Description of the task ::
Please return all of the records verbatim, with the pictures omitted.

Stored data ::
◇ ◇ ◇ ◇

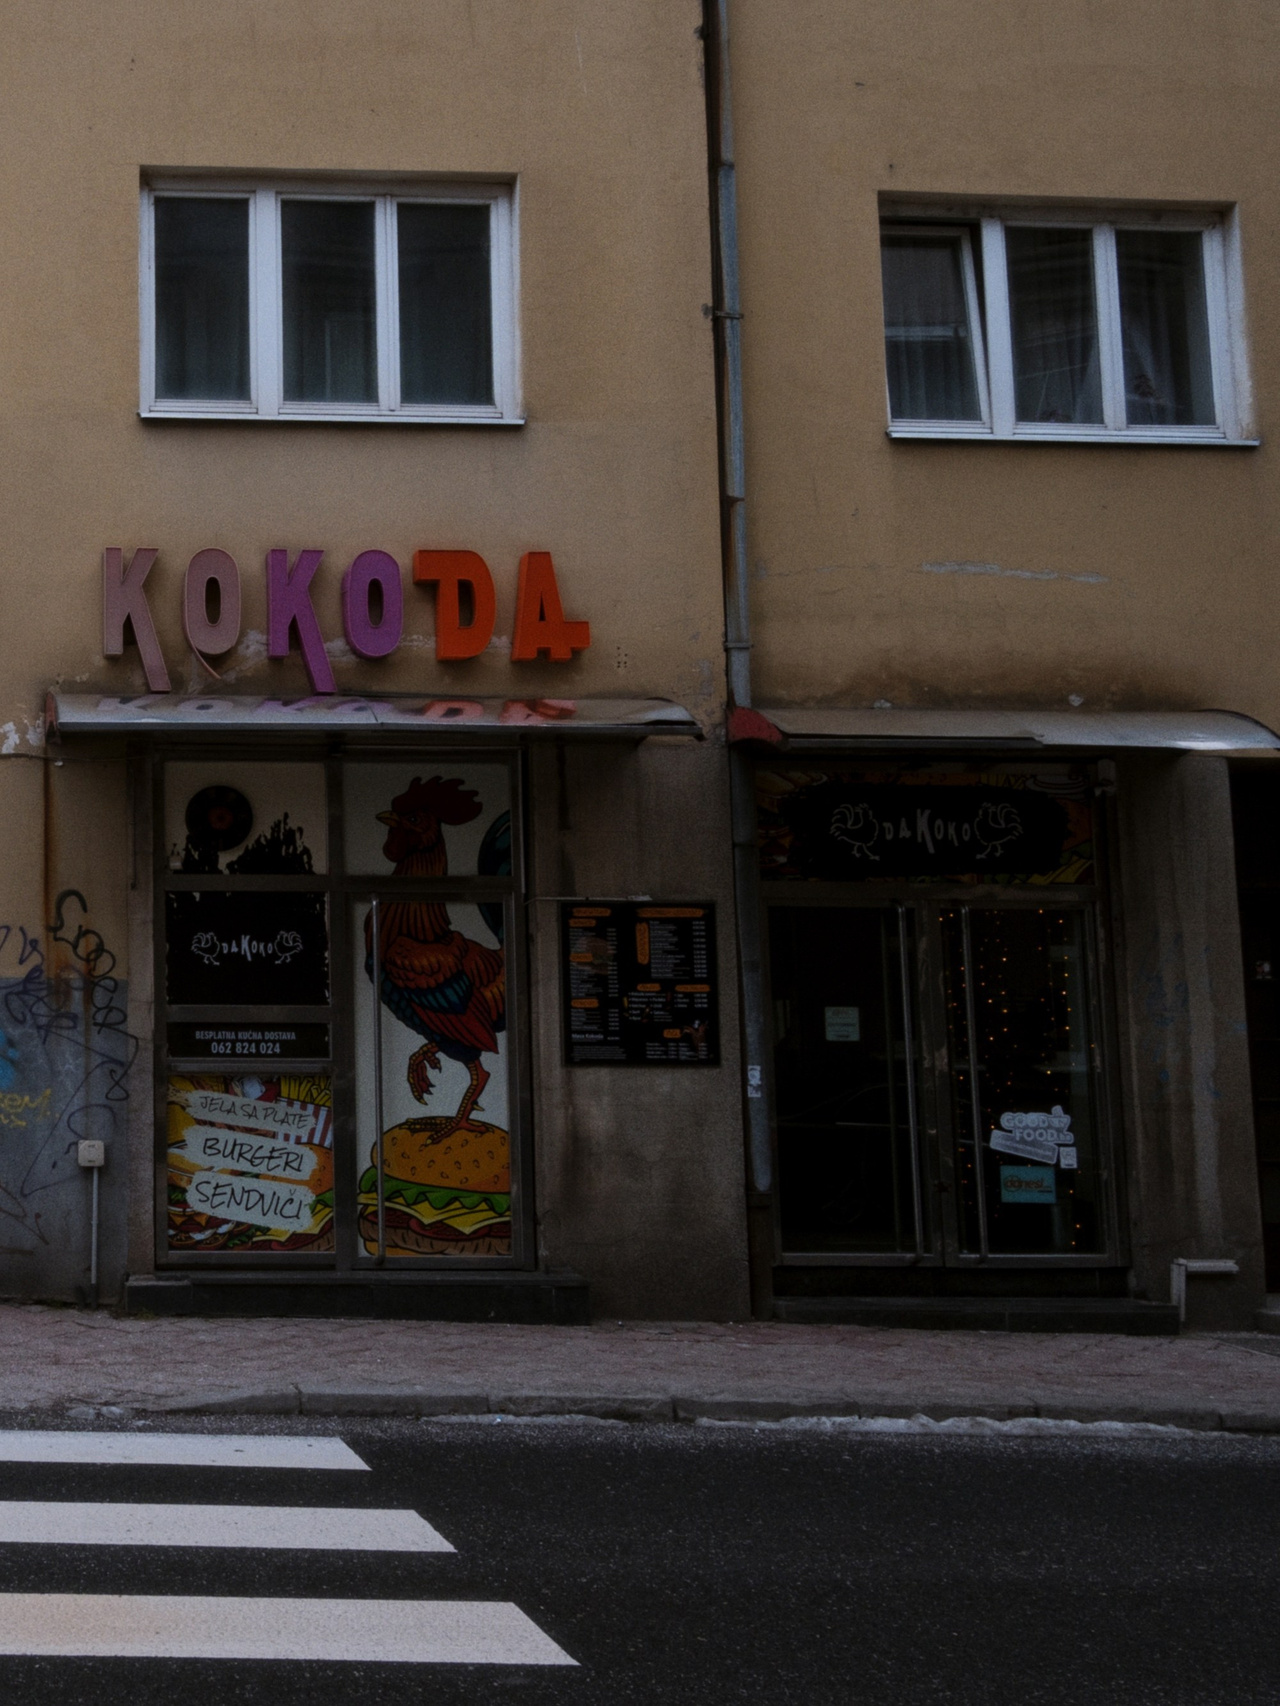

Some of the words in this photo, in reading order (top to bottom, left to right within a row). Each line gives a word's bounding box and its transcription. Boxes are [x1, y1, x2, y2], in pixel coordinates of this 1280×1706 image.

[101, 546, 592, 694] KOKODA
[195, 1030, 236, 1040] BESPLATNA
[264, 1031, 297, 1041] DOSTAVA
[211, 1041, 232, 1054] 062
[235, 1042, 256, 1054] 824
[259, 1042, 281, 1054] 024
[198, 1096, 239, 1118] JELA
[241, 1103, 261, 1121] SA
[262, 1105, 312, 1131] PLATE
[1004, 1114, 1049, 1127] GOOD
[202, 1137, 305, 1173] BURGERI
[194, 1179, 305, 1221] SENDVIČI
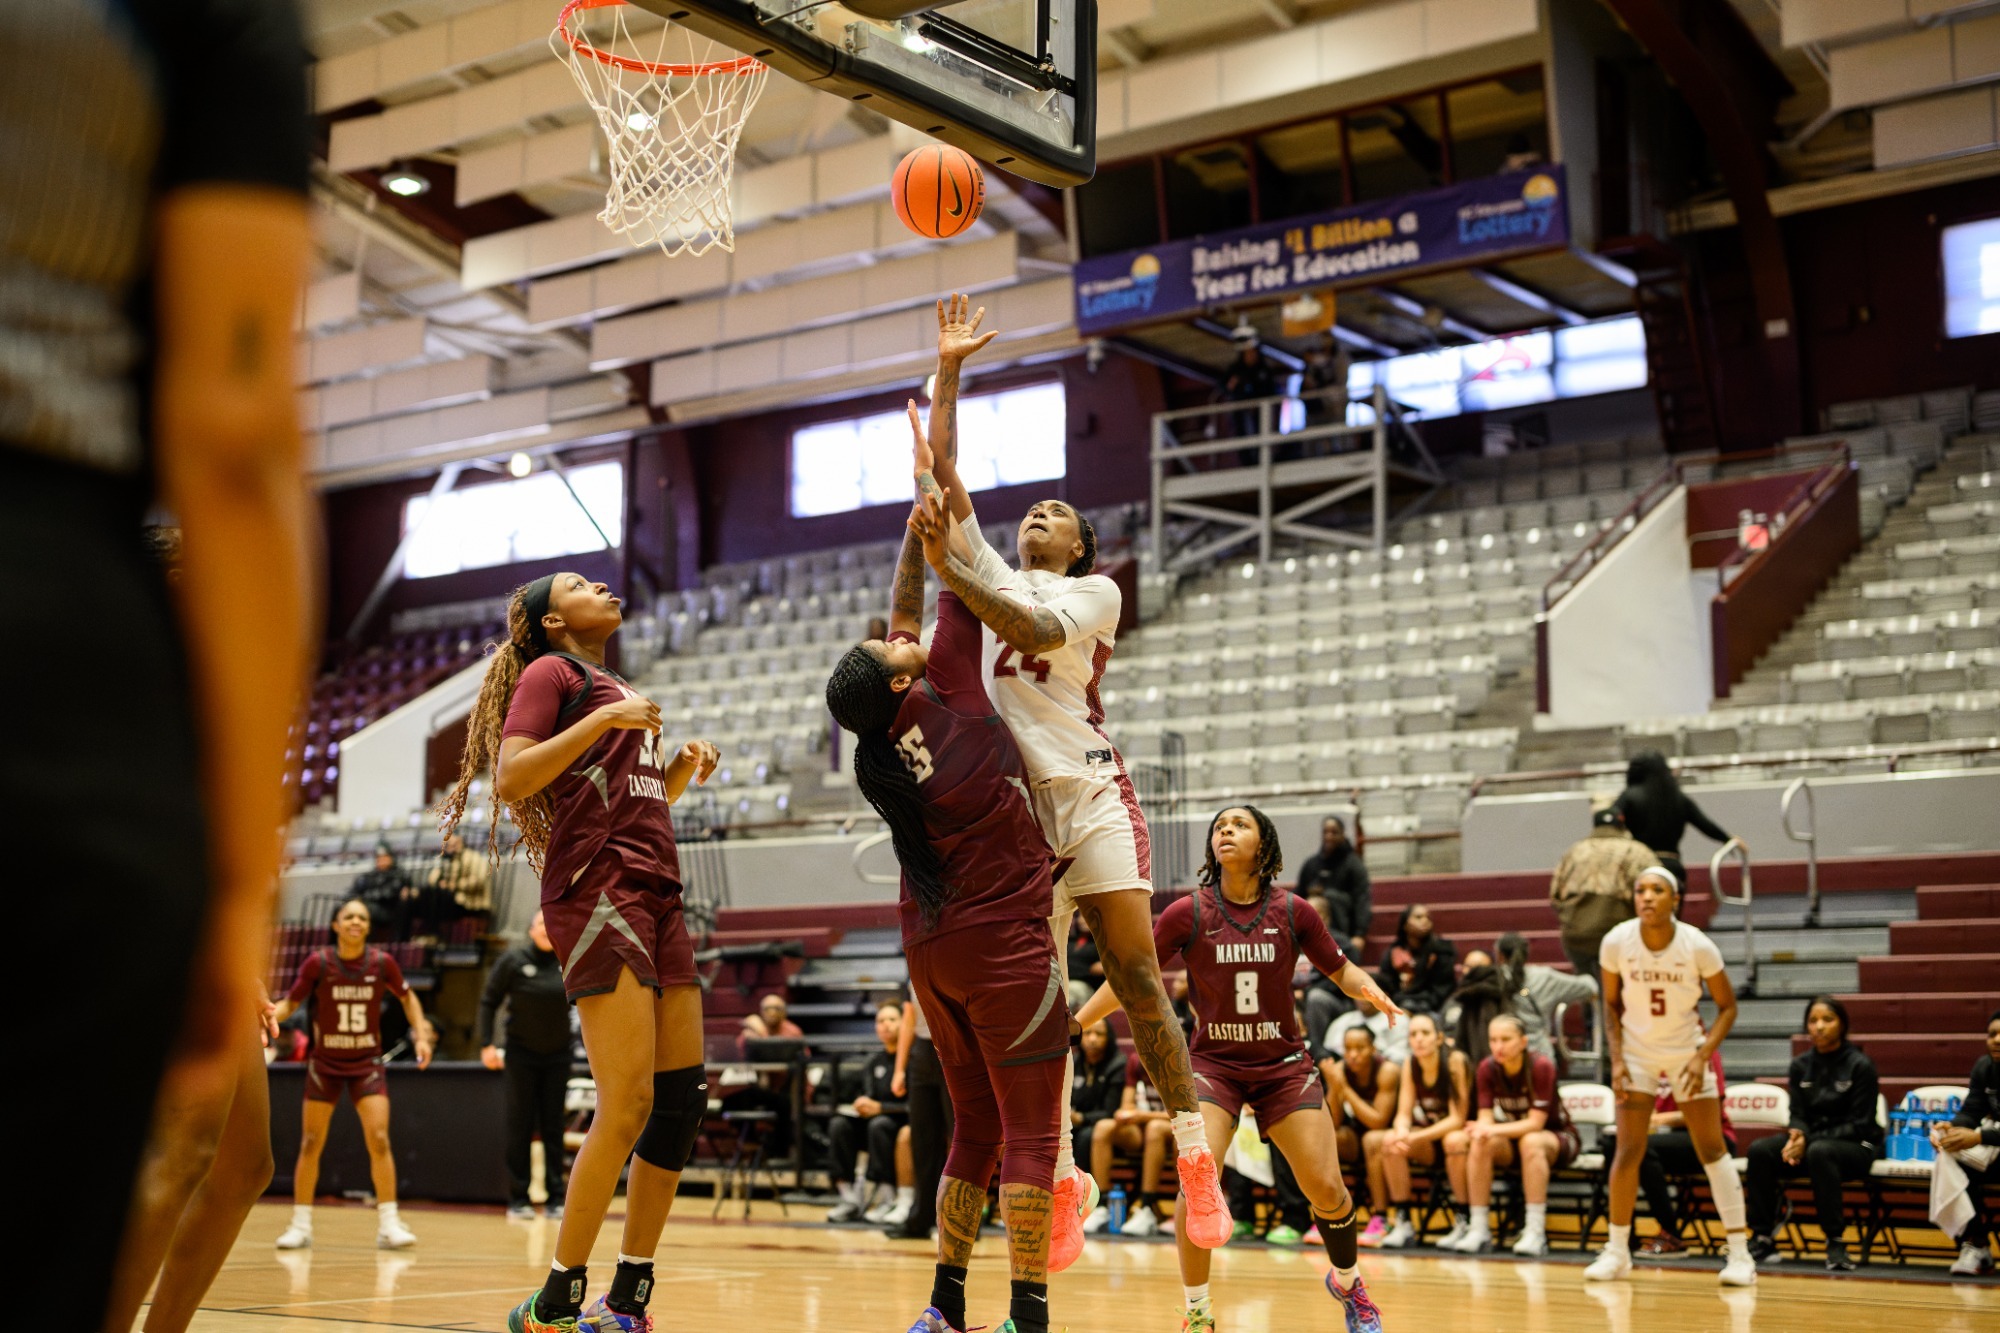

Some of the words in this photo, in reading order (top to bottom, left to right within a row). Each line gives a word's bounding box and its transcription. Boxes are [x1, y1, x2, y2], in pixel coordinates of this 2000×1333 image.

◇ ◇ ◇ ◇

Exercise output ::
Some of the words in this photo, in reading order (top to bottom, left to right within a row). Each line gives a word's bounding box and its transcription. Boxes are [x1, y1, x2, y2], in pixel coordinates of this 1280×1706 image.

[101, 546, 592, 694] KOKODA
[195, 1030, 236, 1040] BESPLATNA
[264, 1031, 297, 1041] DOSTAVA
[211, 1041, 232, 1054] 062
[235, 1042, 256, 1054] 824
[259, 1042, 281, 1054] 024
[198, 1096, 239, 1118] JELA
[241, 1103, 261, 1121] SA
[262, 1105, 312, 1131] PLATE
[1004, 1114, 1049, 1127] GOOD
[202, 1137, 305, 1173] BURGERI
[194, 1179, 305, 1221] SENDVIČI

Some of the words in this photo, in reading order (top to bottom, left to right within a row). Each line gives a word's bounding box and its transcription. Boxes are [x1, y1, x2, y2], in pixel coordinates of this 2000×1333 image.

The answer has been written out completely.